AI tends to make things up. This is unattractive to almost everyone who uses it regularly, but it is especially attractive to businesses where erroneous results can negatively impact their bottom line. Half of employees responding to a recent Salesforce survey said they were concerned about inaccurate answers from their company's AI-powered generation systems.
There are no techniques that can cure these “hallucinations,” but there are things that can help. For example, search augmentation generation (RAG) combines an AI model with a knowledge base to provide supplementary information before the model responds, acting as a type of fact-checking mechanism.
Entire businesses are being built on RAGs due to the huge demand for more reliable AI. Voyage AI is one of them. Founded in 2023 by Stanford University professor Tengyu Ma, Voyage powers RAG systems for companies such as Harvey, Vanta, Replit, and SK Telecom.
“Voyage is on a mission to improve the accuracy and efficiency of search and retrieval in enterprise AI,” Ma told TechCrunch in an interview. “Nautical Solution” [are] Tailored to specific areas such as coding, finance, legal, multilingual applications, and tailored to your company's data. ”
To power the RAG system, Voyage trains an AI model to convert data in text, documents, PDFs, and other formats into numerical representations called vector embeddings. Embedding is useful for search-related applications such as RAGs because it captures the meaning and relationships between different data points in a compact format.
Image credit: Voyage AI
Voyage uses a specific type of embedding called a contextual embedding. This captures not only the semantic meaning of the data, but also the context in which the data appears. For example, if the sentences “I was sitting on the bank of the river'' and “I deposited the money in the bank'' contain the word “bank,'' Voyage's embedding model creates an instance of “bank.'' Each generates a different vector and reflects different vectors. meaning implied by context.
Voyage hosts and licenses its models for use on-premises, in a private cloud, or in the public cloud, and fine-tunes them for clients who choose to pay for this service. While the company is not unique in this regard, and OpenAI also offers customizable embedding services, Ma claims that Voyage's model offers superior performance at a lower cost.
“With RAG, given a question or query, we first retrieve relevant information from an unstructured knowledge base, much like a librarian searching for a book in a library,” he explained. “Traditional RAG techniques often suffer from loss of context while encoding information and fail to retrieve relevant information. Voyage's embedding model has best-in-class retrieval accuracy, which is higher than RAG It leads to the end-to-end response quality of the system.”

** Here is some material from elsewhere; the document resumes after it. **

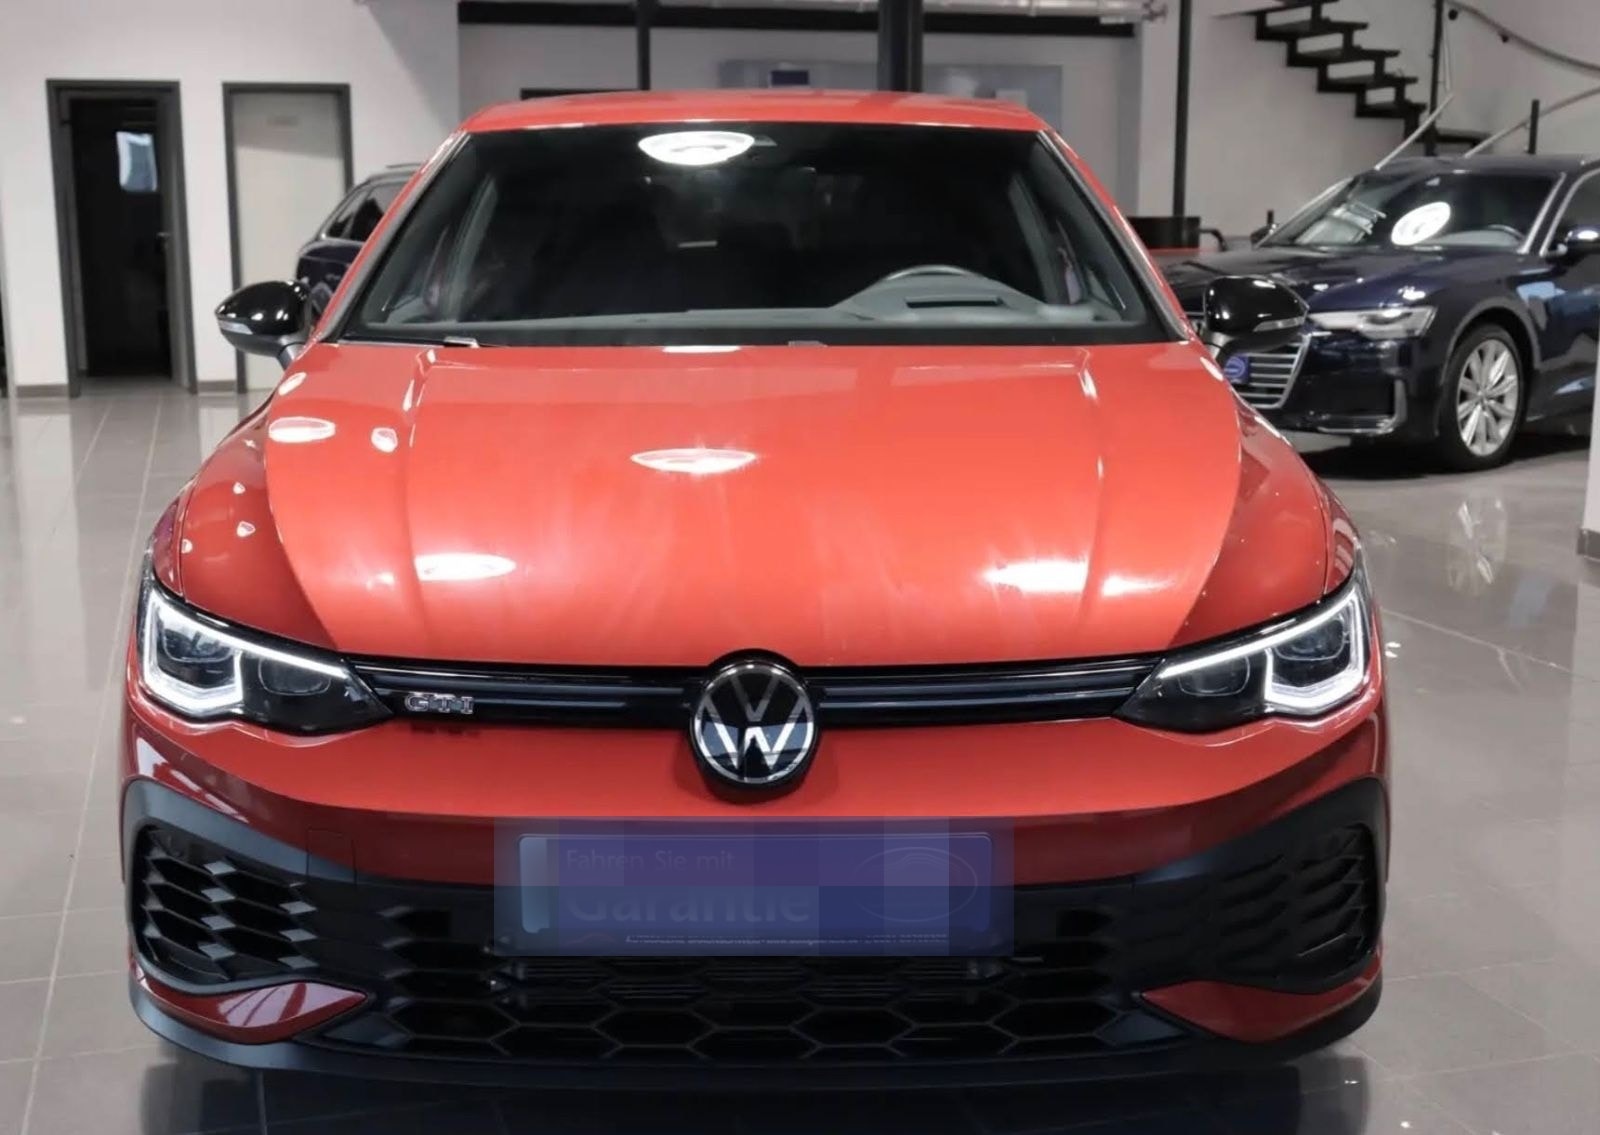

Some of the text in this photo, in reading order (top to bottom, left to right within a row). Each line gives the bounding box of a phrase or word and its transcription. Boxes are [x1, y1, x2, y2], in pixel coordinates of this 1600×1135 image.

Underscoring these bold claims is the endorsement of OpenAI's biggest rival, Anthropic. Anthropic's support documentation describes Voyage's model as “state-of-the-art.”
“Voyage's approach uses vector embeddings trained on enterprise data to provide context-aware search, which significantly improves search accuracy,” said Ma. Masu.
Palo Alto-based Voyage has just over 250 customers, Ma said. He did not answer questions about his income.
In September, Voyage, which has about a dozen employees, closed a $20 million Series A round led by CRV with participation from Wing VC, Conviction, Snowflake, and Databricks. Ma said the funding infusion brings Voyage's total funding to $28 million and will help launch new embedded models and allow the company to double in size.